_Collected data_
--

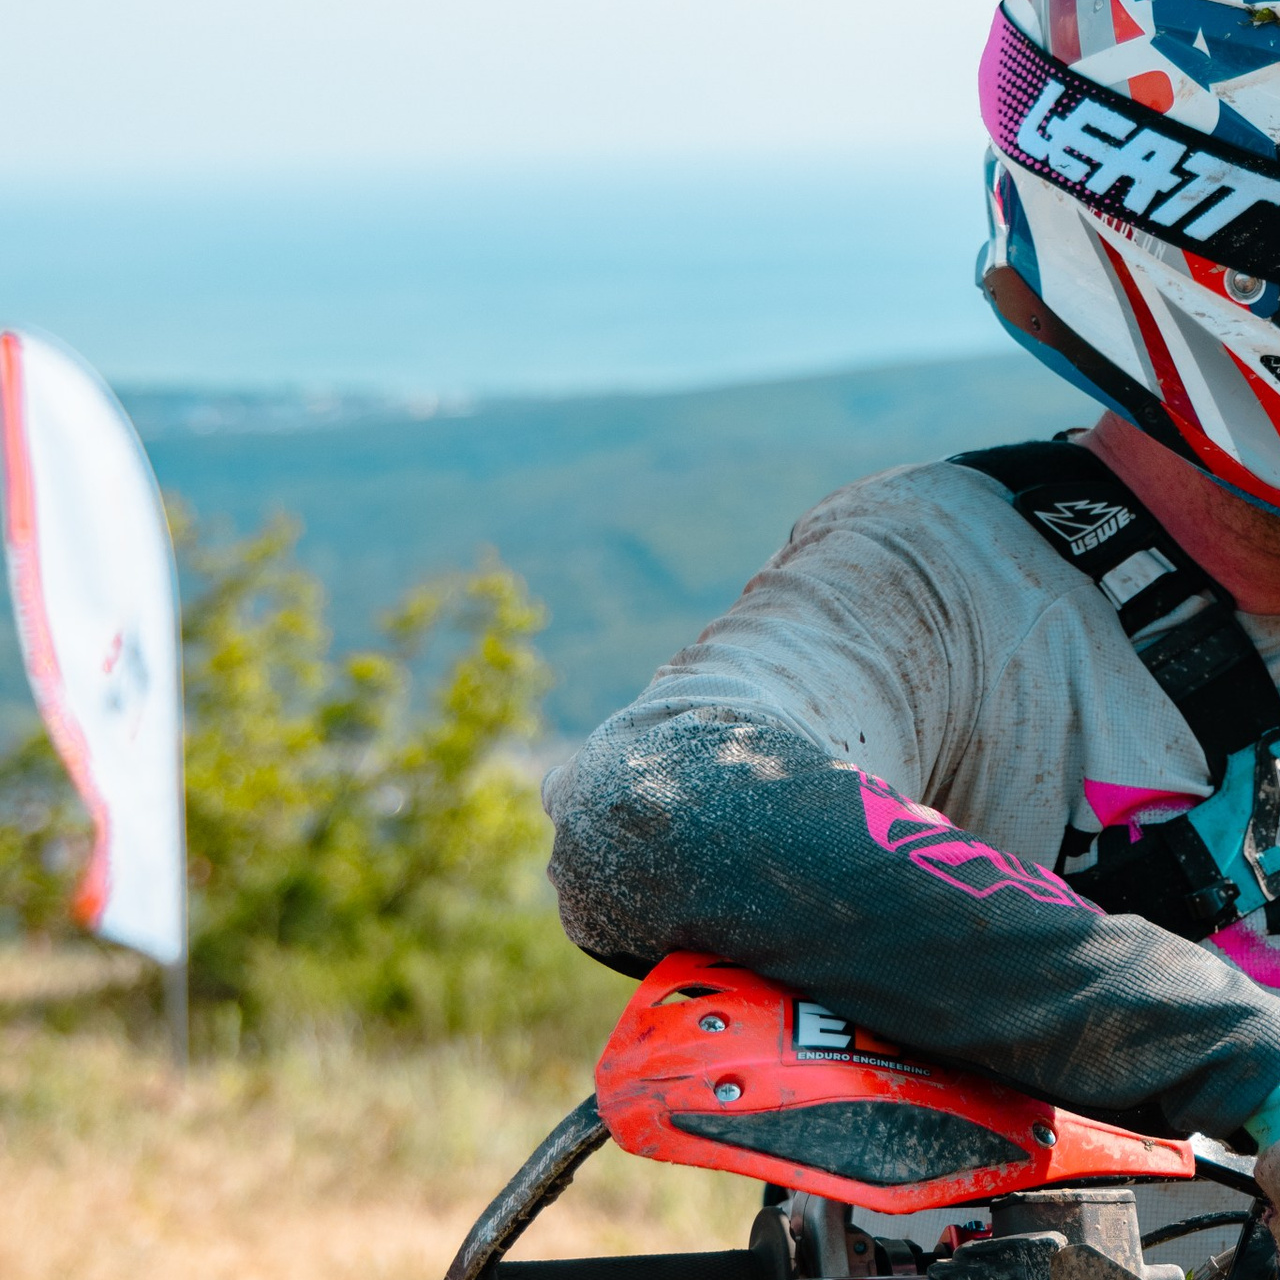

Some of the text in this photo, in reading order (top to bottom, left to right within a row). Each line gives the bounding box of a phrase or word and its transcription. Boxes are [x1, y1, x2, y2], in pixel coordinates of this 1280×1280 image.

[1070, 508, 1130, 556] USWE
[797, 1051, 931, 1076] ENDURO ENGINEERING
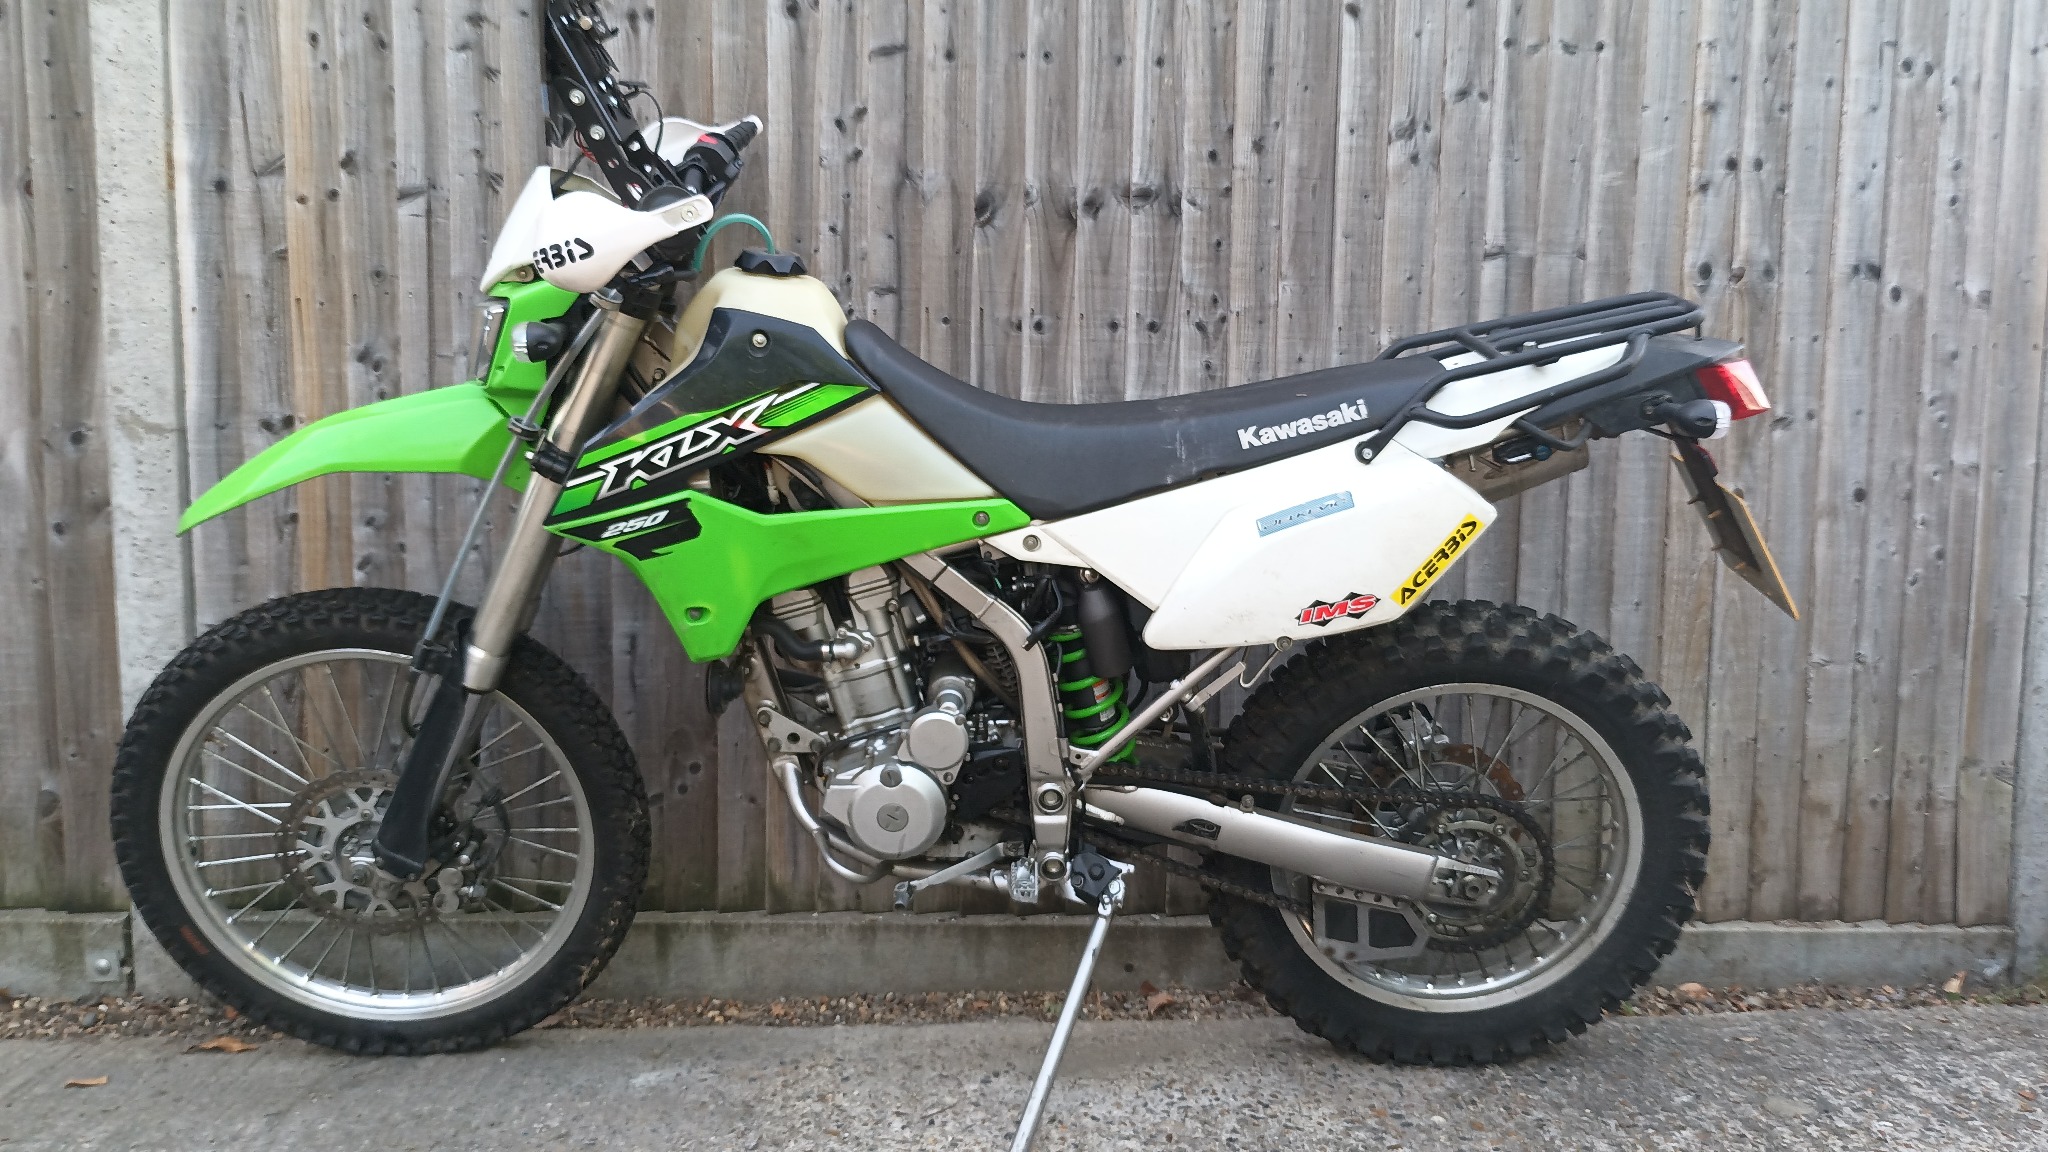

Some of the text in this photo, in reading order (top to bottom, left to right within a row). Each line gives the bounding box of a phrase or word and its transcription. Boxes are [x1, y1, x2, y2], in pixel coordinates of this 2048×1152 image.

[1237, 398, 1370, 450] Kawasaki
[600, 509, 670, 539] 250
[1298, 593, 1378, 626] IMS
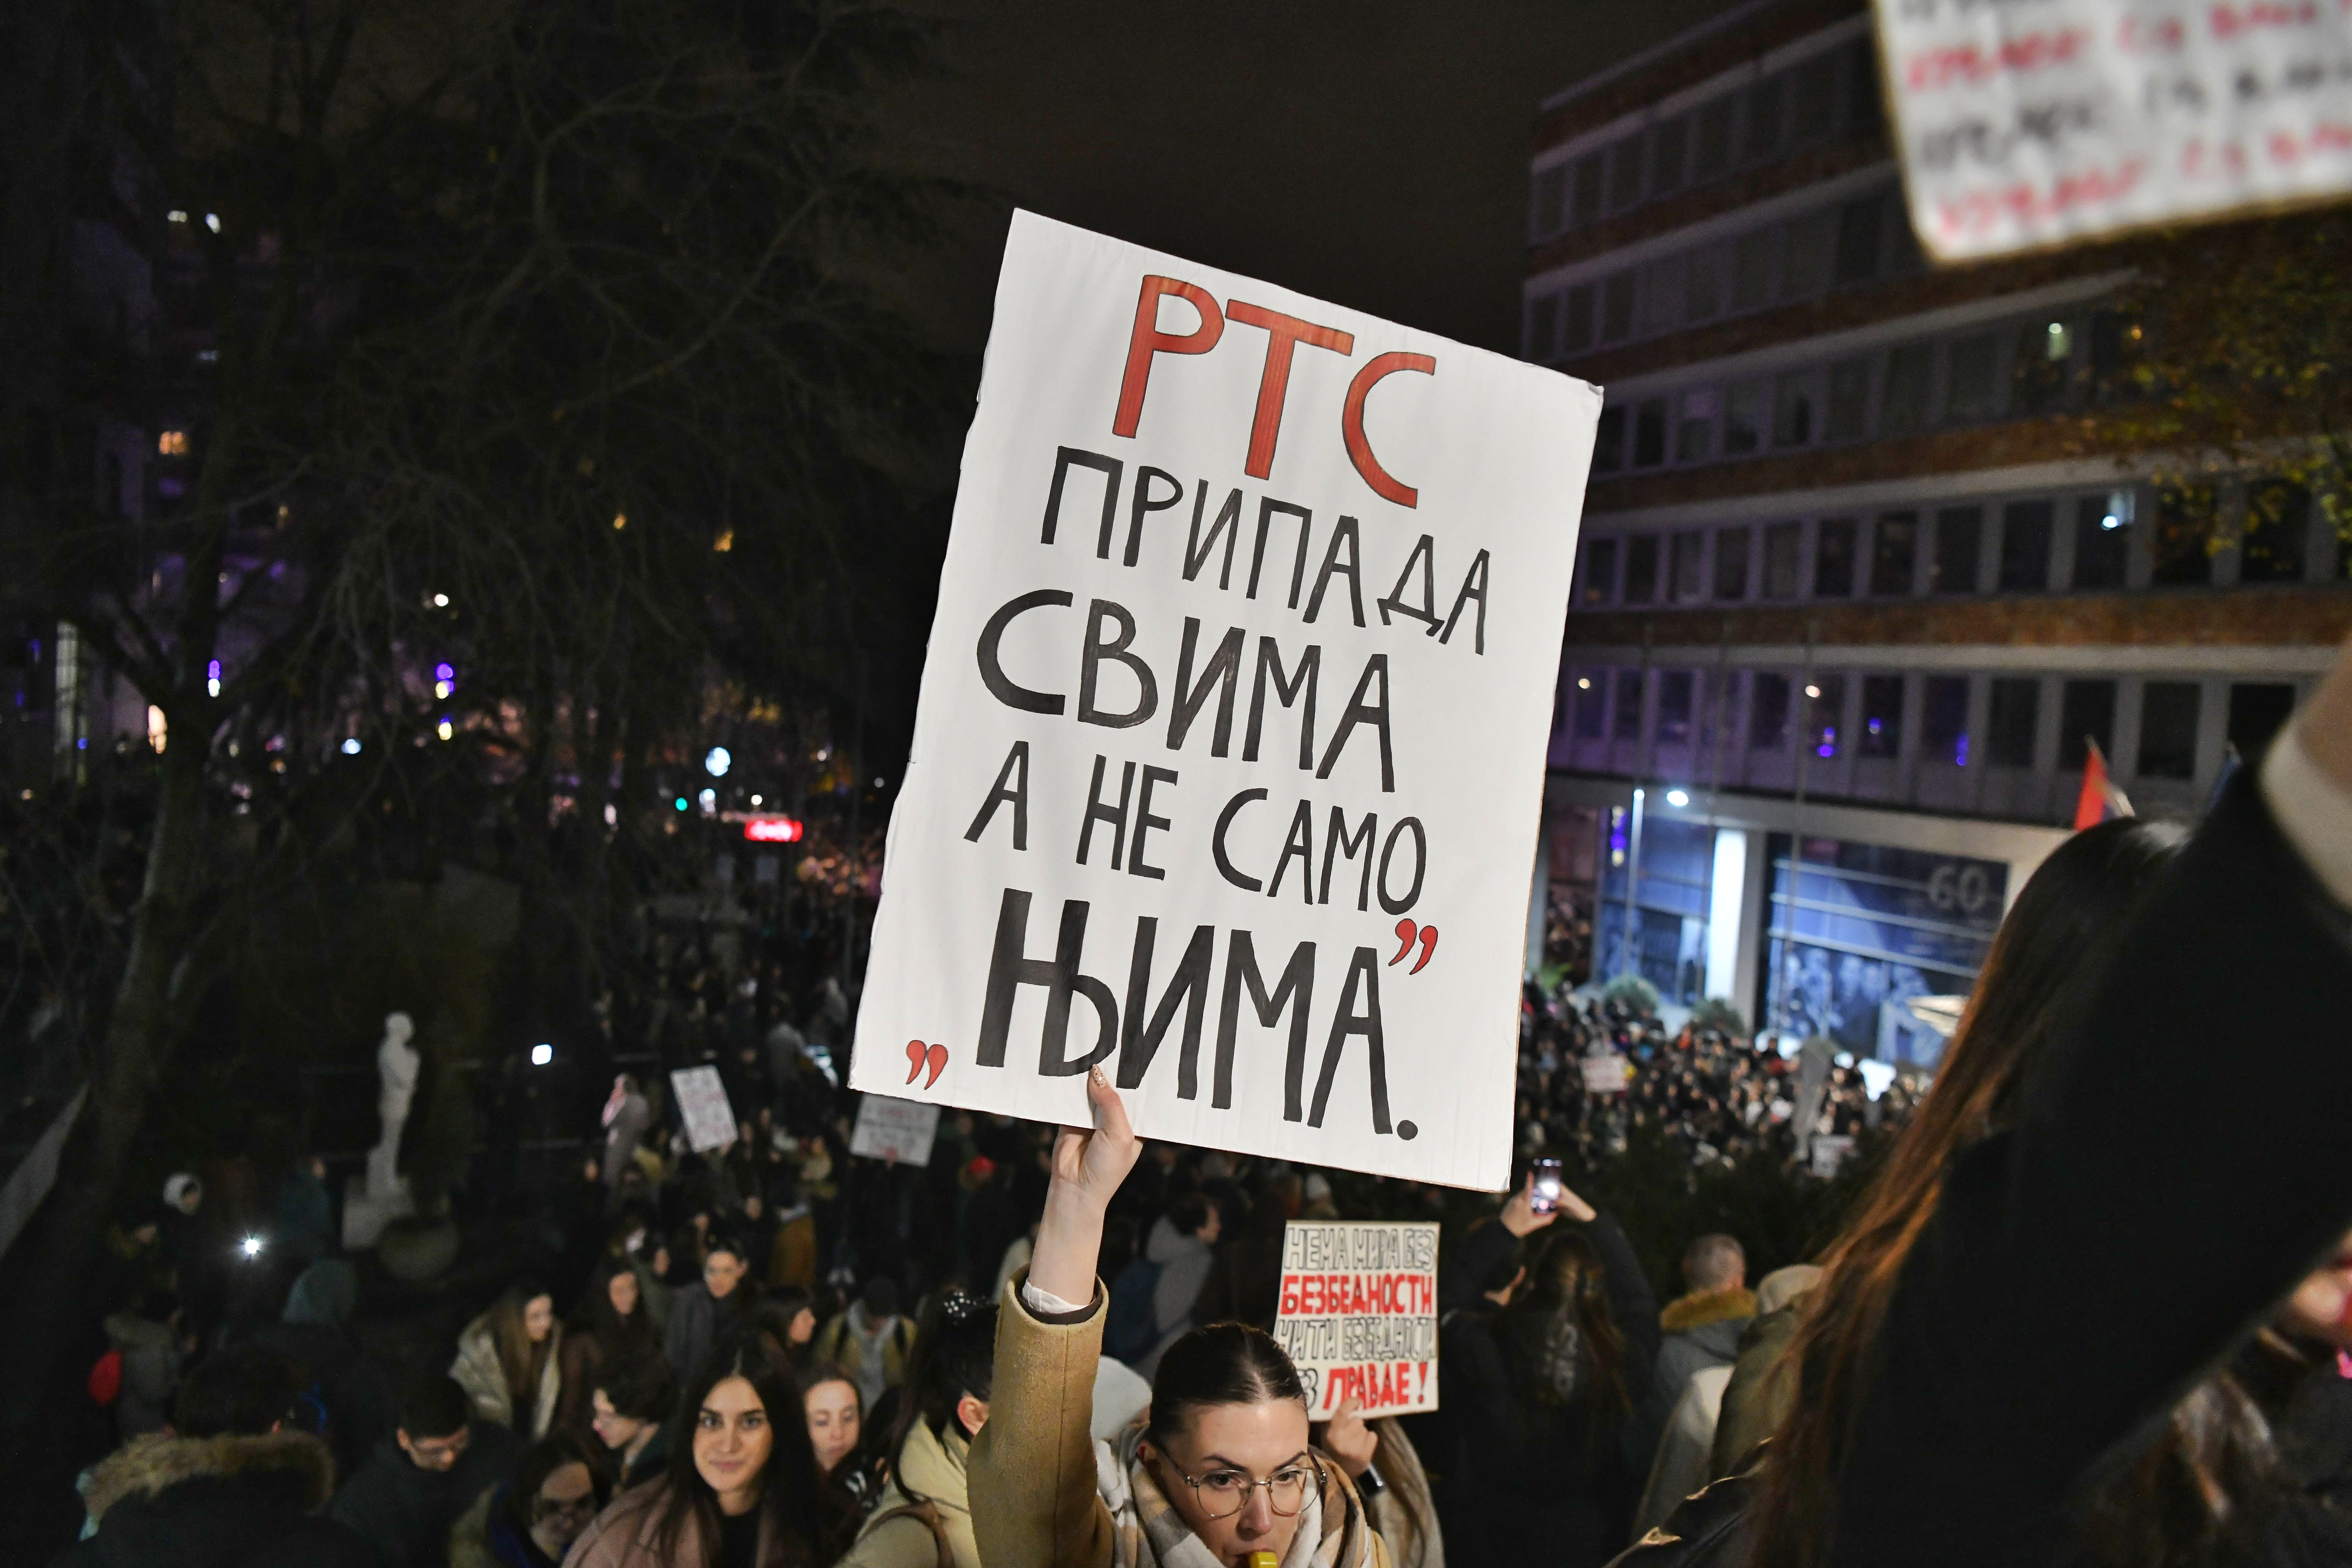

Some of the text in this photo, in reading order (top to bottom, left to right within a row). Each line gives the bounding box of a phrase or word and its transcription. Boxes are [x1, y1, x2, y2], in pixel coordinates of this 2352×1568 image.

--

_About this task_
Line for line, restate the data above and omit every picture.

_Written solution_
Some of the text in this photo, in reading order (top to bottom, left to right within a row). Each line gives the bounding box of a phrase or word and its transcription. Boxes are [x1, y1, x2, y2], in pixel coordinates of this 1280×1280 image.

[1070, 508, 1130, 556] USWE
[797, 1051, 931, 1076] ENDURO ENGINEERING

Some of the text in this photo, in reading order (top to bottom, left to right within a row). Each line gives the bounding box of a phrase or word and its transcription. Boxes are [x1, y1, x2, y2], in pixel coordinates of this 2048×1152 image.

[1237, 398, 1370, 450] Kawasaki
[600, 509, 670, 539] 250
[1298, 593, 1378, 626] IMS

Some of the text in this photo, in reading order (top to bottom, left to right within a row). Each line gives the bounding box of a phrase or word and its transcription. Boxes are [x1, y1, x2, y2], in pixel coordinates of this 2352×1568 image.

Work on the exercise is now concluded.